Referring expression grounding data
==================================================
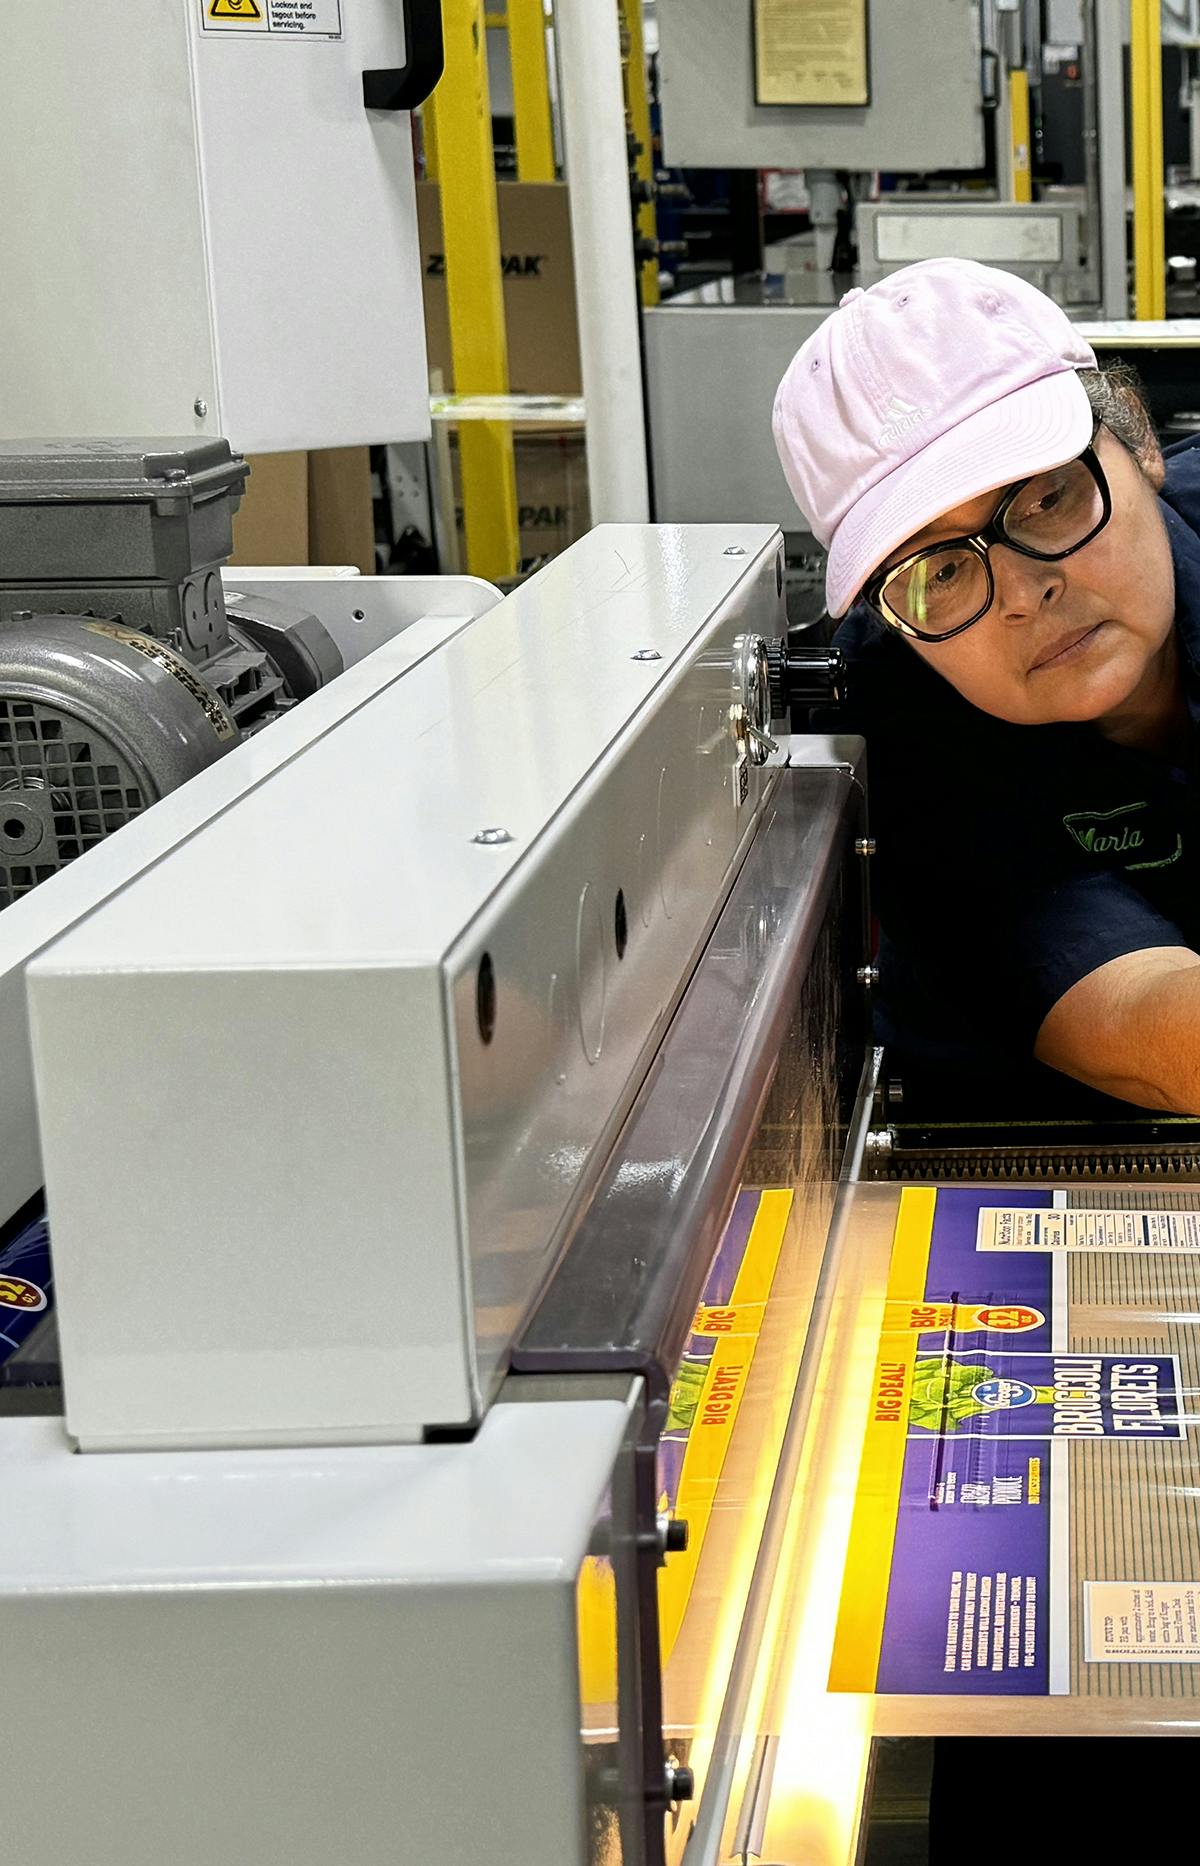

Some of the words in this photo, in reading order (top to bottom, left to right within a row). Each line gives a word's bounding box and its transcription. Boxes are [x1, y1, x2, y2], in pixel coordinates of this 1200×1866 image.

[909, 1307, 937, 1328] BIG
[987, 1311, 1020, 1326] 32
[878, 1363, 905, 1397] DEAL!
[1053, 1359, 1105, 1434] BROCCOLI
[1110, 1364, 1164, 1431] FLORETS
[875, 1400, 902, 1421] BIG
==================================================
* **REQUIREMENT**
When you copy the data above, reproduce each line exactly and skip every image.

* **TASK ANSWER**
Some of the words in this photo, in reading order (top to bottom, left to right within a row). Each line gives a word's bounding box and its transcription. Boxes are [x1, y1, x2, y2], in pixel coordinates of this 1200×1866 image.

[909, 1307, 937, 1328] BIG
[987, 1311, 1020, 1326] 32
[878, 1363, 905, 1397] DEAL!
[1053, 1359, 1105, 1434] BROCCOLI
[1110, 1364, 1164, 1431] FLORETS
[875, 1400, 902, 1421] BIG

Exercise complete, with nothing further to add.